Every line of the listing below is to be repeated exactly; the pictures stay out.

--- Data listing ---
---

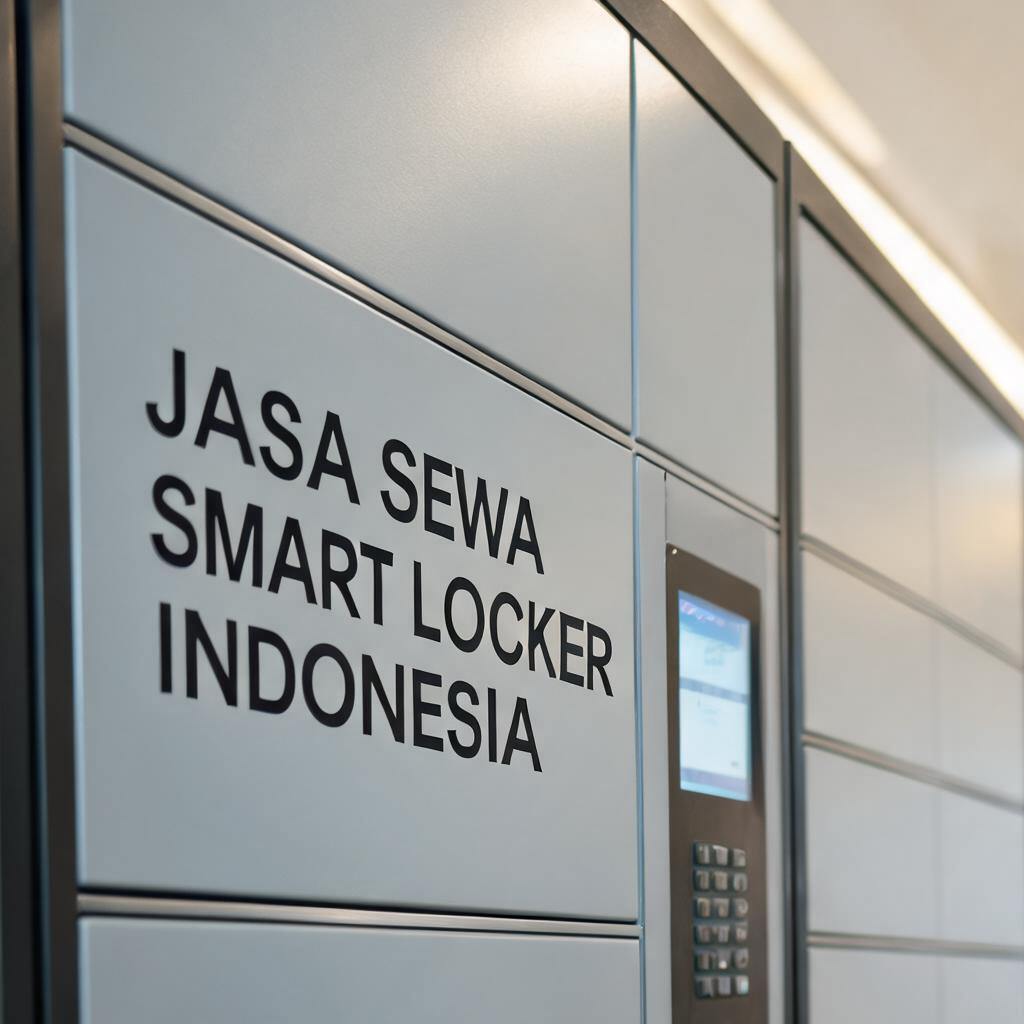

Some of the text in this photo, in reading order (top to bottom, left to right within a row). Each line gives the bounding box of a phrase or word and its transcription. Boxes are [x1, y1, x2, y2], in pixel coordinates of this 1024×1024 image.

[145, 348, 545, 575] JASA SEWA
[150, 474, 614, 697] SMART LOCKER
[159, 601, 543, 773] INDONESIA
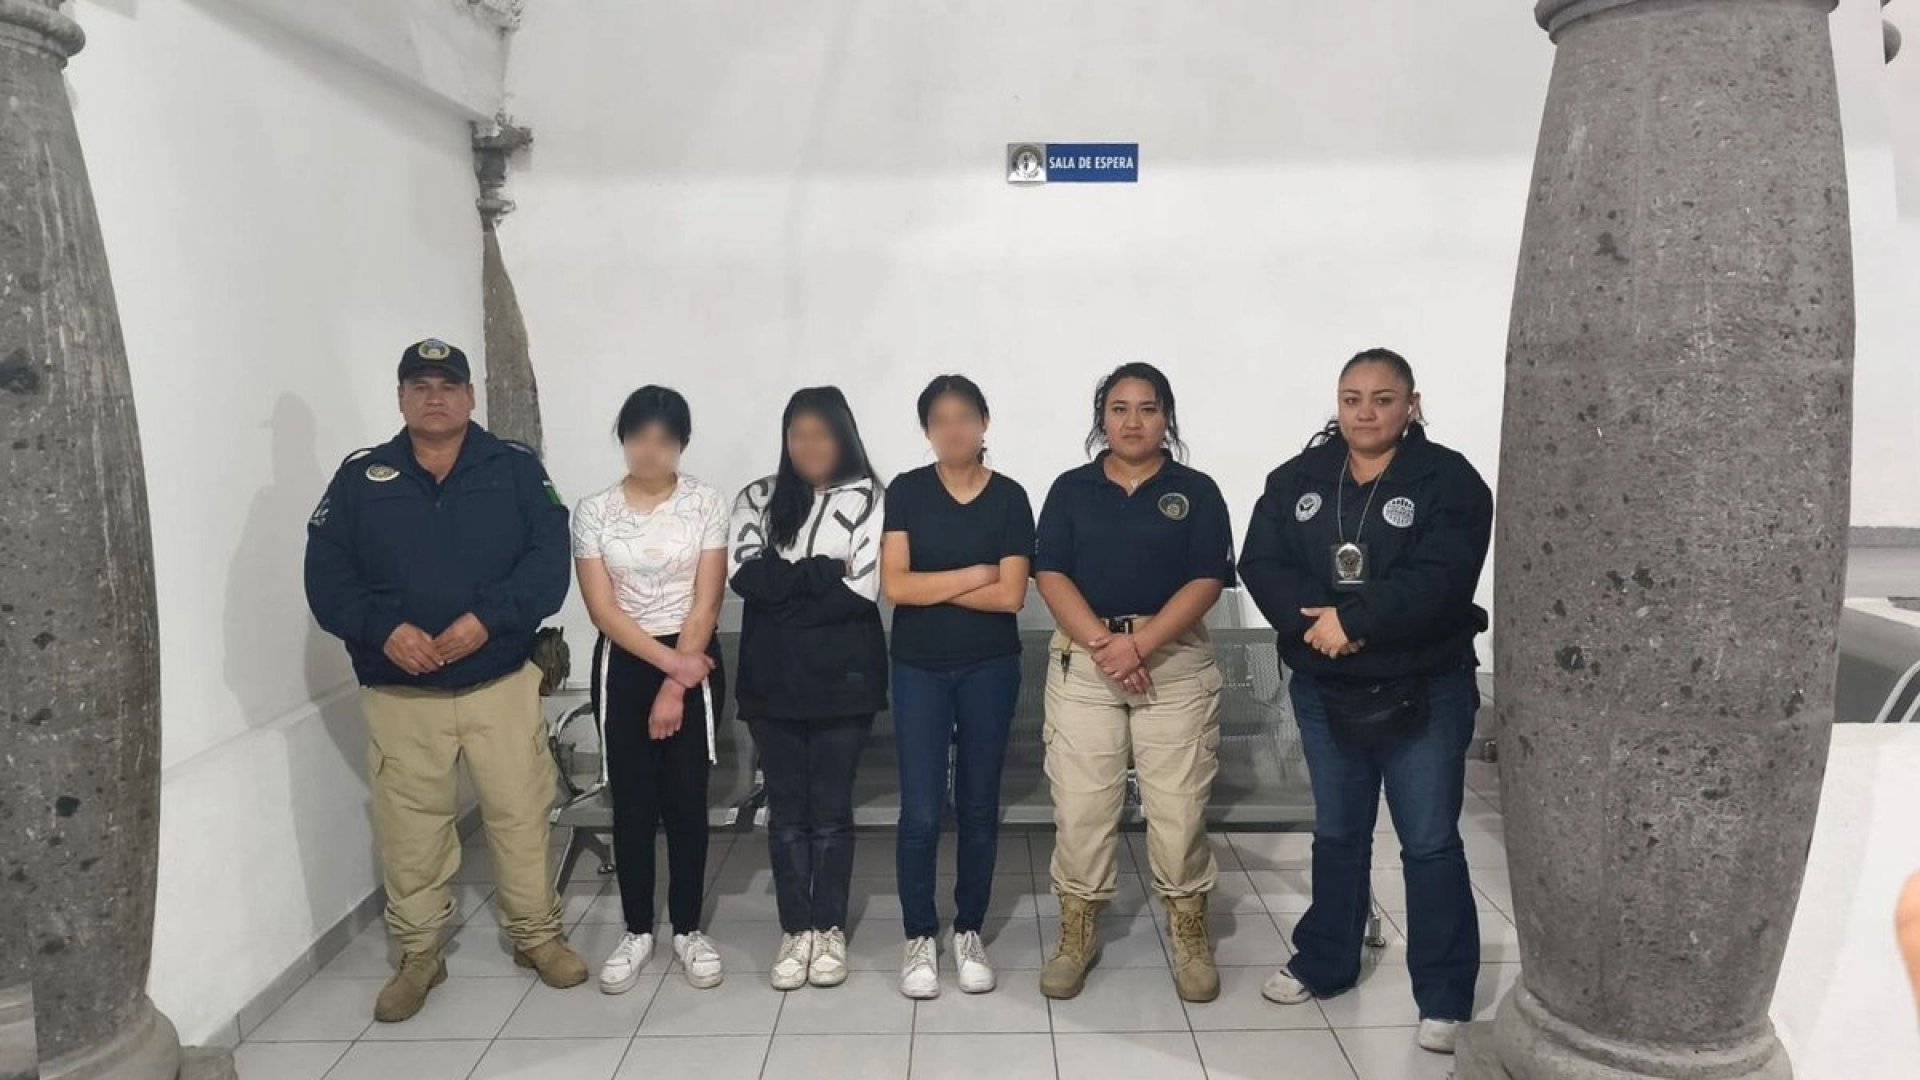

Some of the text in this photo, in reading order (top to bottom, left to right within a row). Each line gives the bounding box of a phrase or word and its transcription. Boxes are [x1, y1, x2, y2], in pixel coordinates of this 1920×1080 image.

---

--- Answer to this problem ---
Some of the text in this photo, in reading order (top to bottom, left to right within a row). Each line gives the bounding box of a phrase or word and its transcription. Boxes are [x1, y1, x2, y2], in pixel coordinates of this 1024×1024 image.

[145, 348, 545, 575] JASA SEWA
[150, 474, 614, 697] SMART LOCKER
[159, 601, 543, 773] INDONESIA

Some of the text in this photo, in reading order (top to bottom, left to right within a row). Each line gives the bounding box of a phrase or word and its transcription. Boxes are [x1, y1, x2, y2], in pixel coordinates of this 1920×1080 image.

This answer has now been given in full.